Voters are not swayed by the sight of Black or Brown faces in a political party’s leadership team. They care about the policies – and on that front, the political parties have been failing on immigration, foreign policy and racial equality

"Black and Asian Britons are finding themselves politically engaged but with nowhere to turn." Image: TNW/Getty

Increasing numbers of Black and Asian Britons are finding themselves politically engaged but with nowhere to turn. They’re paying attention and showing up, but they don’t feel represented by any of the main parties.

Far from being a story about apathy, something more uncomfortable is at play: a growing sense that the political system simply isn’t speaking to them anymore. 
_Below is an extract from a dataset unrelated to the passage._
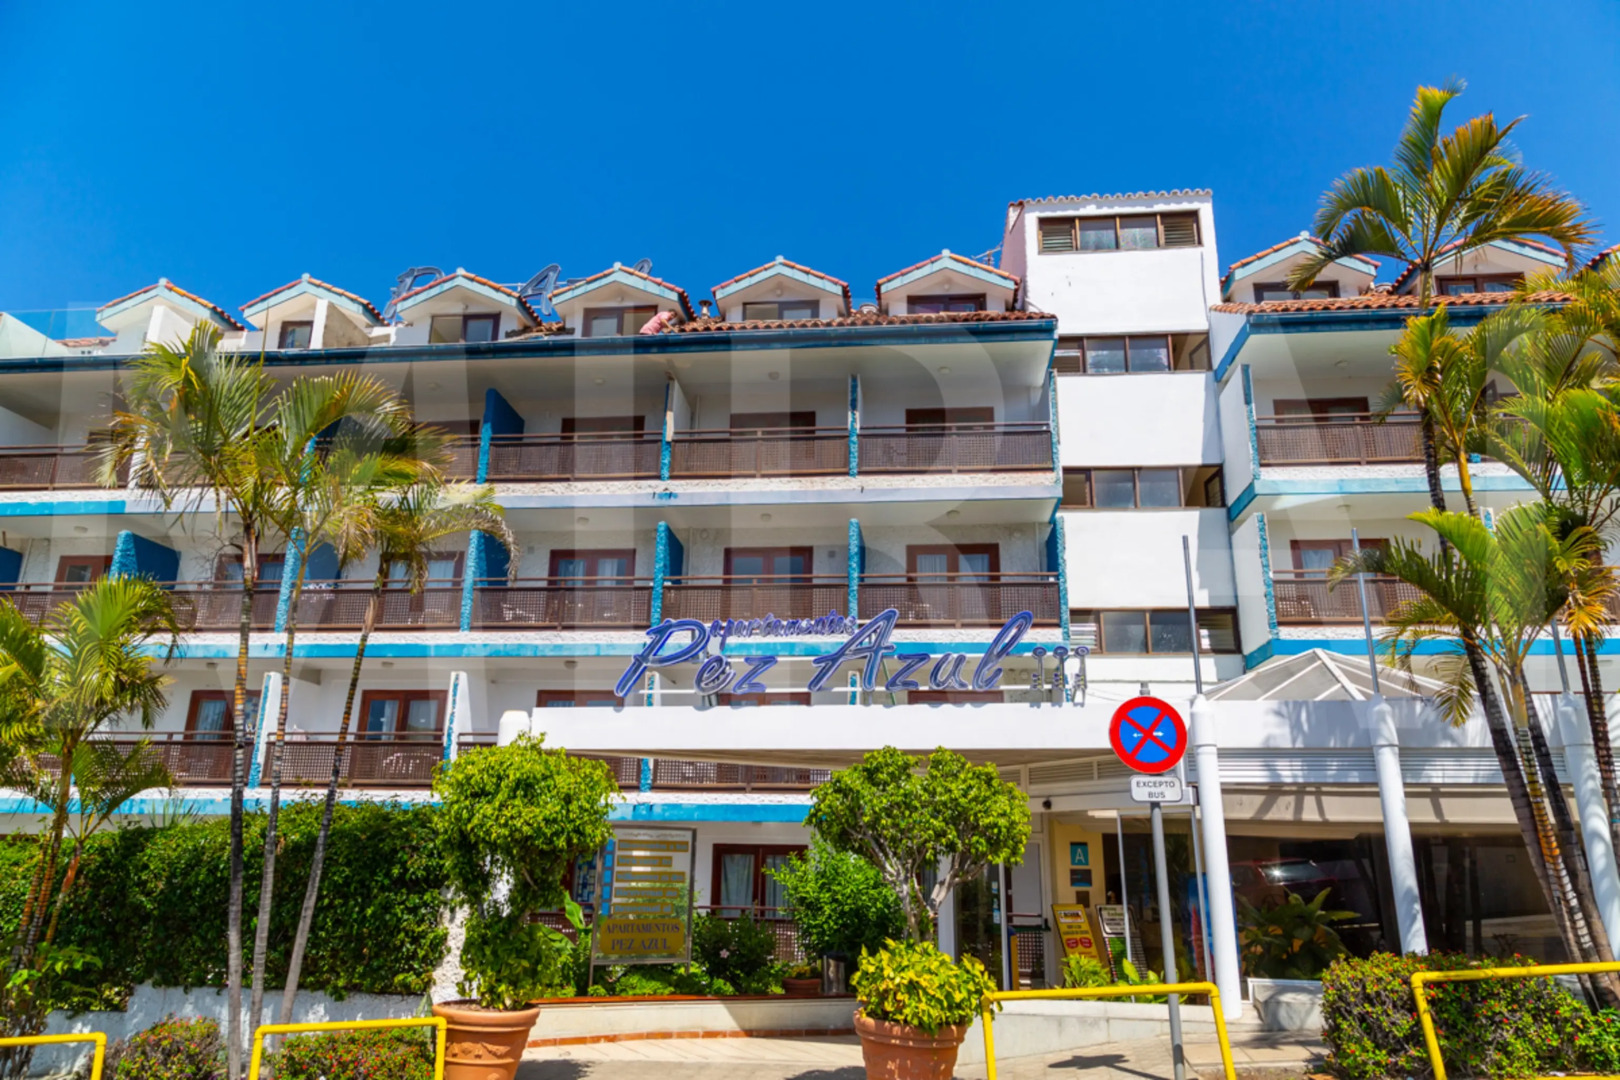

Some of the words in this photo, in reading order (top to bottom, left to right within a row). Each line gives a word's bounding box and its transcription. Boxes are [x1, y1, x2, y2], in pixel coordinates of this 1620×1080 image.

Trust has eroded, priorities have shifted, and the old habit of voting along traditional party lines is breaking down. What’s replacing it isn’t indifference, but a more restless, more questioning kind of engagement.

Journalist Habiba Katsha captured this shift in April 2024. She had voted in every general election since turning 18, but had begun to question whether Labour still represented her. 

“It feels like Labour have become comfortable relying on the Black vote,” she wrote, “but aren’t doing much to actually support the community anymore.” 

She felt like an afterthought – not disengaged from politics, but let down by it.

The numbers back her up. Polling which I had a hand in commissioning after the 2024 general election showed Labour’s support among ethnic minority voters had fallen from 64% in 2019 to 46% – a drop of 18 percentage points. 

In other words, the party lost nearly a third of its previous backing from these communities in just five years. Labour remains the most popular party among ethnic minority voters, but a shift that large isn’t a routine electoral fluctuation. It suggests the long-held idea that Black and Asian voters form a reliable, stable political base is no longer something any party can take for granted. In fact, that assumption is crumbling.

Campaign group Operation Black Vote says the shift reflects not disengagement, but a fundamental change in how Black voters are relating to political parties. 

“People are becoming disillusioned across the board with party politics, but the impact is felt most acutely in Black communities,” David Weaver, chair of Operation Black Vote, told me. 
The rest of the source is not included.